Bandidos em todas as esferas de poder
Clara Arreguy, 17/12/2000
“Agora já não é normal/ O
que dá de malandro regular, profissional/ Malandro
com aparato de malandro oficial/ Malandro candidato a
malandro federal/ Malandro com retrato na coluna social/
Malandro com contrato, com gravata e capital/ Que nunca
se dá mal...” Quem ouvisse esses versos de
Chico Buarque, nos idos dos anos 70/80, não poderia
julgar que o poeta fosse em profeta com tamanha visão
do futuro.
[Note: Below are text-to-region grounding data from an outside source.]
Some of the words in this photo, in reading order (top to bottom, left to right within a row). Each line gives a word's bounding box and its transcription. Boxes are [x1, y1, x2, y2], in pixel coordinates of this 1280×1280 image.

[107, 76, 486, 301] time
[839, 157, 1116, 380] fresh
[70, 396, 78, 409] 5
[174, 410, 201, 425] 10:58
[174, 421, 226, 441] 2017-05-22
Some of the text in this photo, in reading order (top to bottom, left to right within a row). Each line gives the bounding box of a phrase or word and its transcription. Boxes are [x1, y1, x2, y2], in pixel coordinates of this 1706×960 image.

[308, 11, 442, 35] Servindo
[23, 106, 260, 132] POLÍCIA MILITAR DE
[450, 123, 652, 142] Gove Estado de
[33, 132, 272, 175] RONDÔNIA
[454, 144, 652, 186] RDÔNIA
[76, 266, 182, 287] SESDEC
O que se vê no Brasil de hoje suplanta
qualquer previsão pessimista que os inimigos da
ditadura militar podiam fazer na época. É
claro que a ironia de alguns certamente deve ter vaticinado:
“Depois de mim virá quem me fará”,
mas quem diria que chegaríamos a tal ponto...
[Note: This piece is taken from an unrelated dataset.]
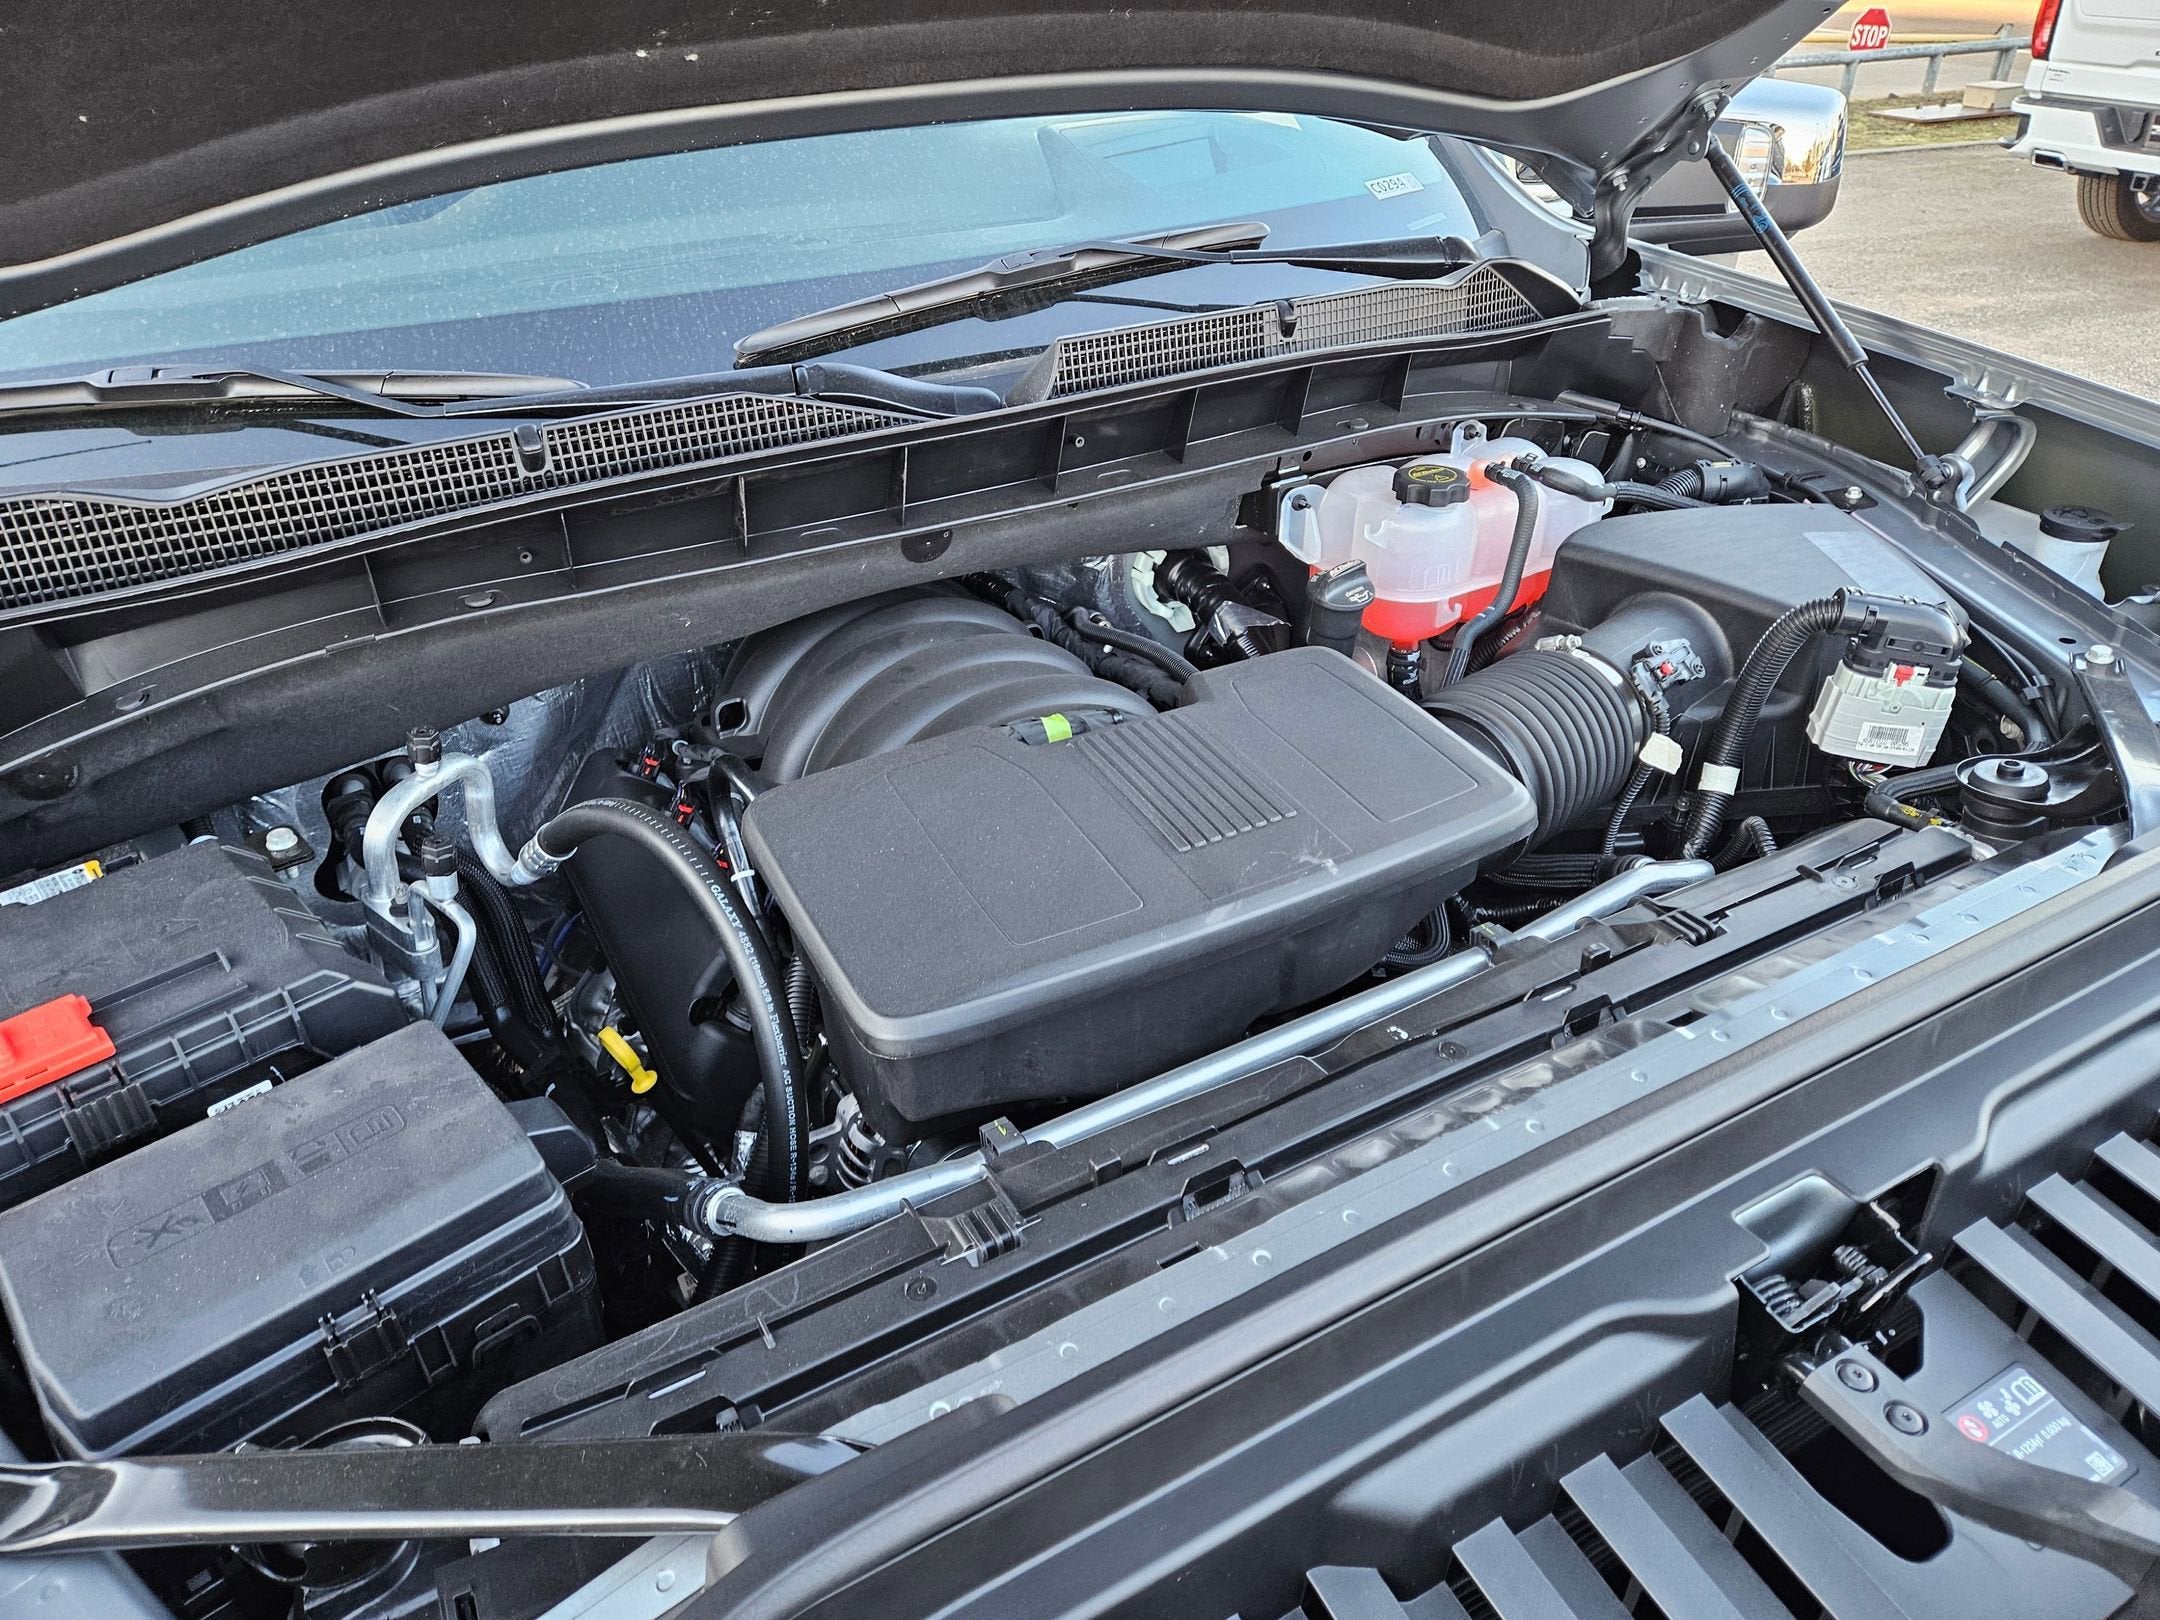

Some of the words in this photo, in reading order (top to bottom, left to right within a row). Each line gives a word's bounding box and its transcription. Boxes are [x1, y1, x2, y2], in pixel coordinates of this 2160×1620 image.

Para o leitor menos atento, uma informação:
o noticiário dos jornais, normalmente, se divide
por editorias: cultura, esporte, política, economia,
polícia, etc. Certos assuntos têm fronteiras
muito próximas, confusas até, entre competências,
e daí muitas vezes haver duplicidade de abordagem.
Na atualidade, isto tudo foi para o espaço. Com
a vida nacional invadida por bandidos de todos os tipos,
estilos e modalidades de atuação, política
virou polícia, economia virou polícia, esporte
virou polícia. O Brasil inteiro virou um grande
caso de polícia. Nem na polícia dá
pra gente confiar. Novamente recorrendo ao profético
compositor, “chama o ladrão!”.
Mas a quê, afinal, se deve esta verdadeira tomada
de poder pela bandidagem, hoje facilmente encontrada nas
esferas do executivo, do legislativo, do judiciário,
em empresas com cara de sérias, no comando de clubes
esportivos e federações, entre os bem-nascidos
e os bem-vestidos. Obviamente que o fenômeno não
é de hoje. E que a mal lembrada ditadura sedimentou
práticas, como a corrpução, que já
existiam e eram combatidas por algumas elites conservadoras
mas de estirpe pelo menos honesta. O autoritarismo consolidou
o poder de um tipo de gente – até torturadores
– que ainda hoje aparece me cargos de comando. E
assim, como um vírus, como um câncer, o banditismo
vem-se espalhando pelos mais diversos setores, corroendo
instituições e relações, esfarelando
a própria sociedade.
O que fazer diante de poderes tão arraigados e
tão fortemente disseminados por todo lado é
um desafio para quem ainda tem esperanças numa
vida mais humana, justa e ética. As CPIs, por exemplo,
que chegam a perder visibilidade de tanto que proliferam,
não deixam de ser um caminho. Por mais que percam
a força depois que se encerram as investigações,
naqueles fóruns conduzidos por gente do bem é
possível mapear ao menos uma parte da sujeira –
vide o encerramento das CPIs do narcotráfico nos
planos federal e estadual, que identificaram criminosos
até então insuspeitos e apontaram para a
Justiça rumos para a investigação
e indiciamento. Ao ver as recém-divulgadas listas
de bandidos infiltrados no Congresso Nacional, na Assembléia
Legislativa, em ministérios e outras esferas públicas,
dá esperança de termos em ação
aquilo que os filmes americanos chamam de good guys combatendo
os bad guys – há enfim, quem se mobilize
e, corajosamente, enfrente a besta. É perigoso,
os maus se organizam melhor que os bons, em máfias,
em violentas gangues que deixam no chinelo os estereótipos
que nos acostumamos a ver no cinema. “É preciso
estar atento e forte”, pode-se concluir, recorrendo
agora a outro grande poeta da canção popular.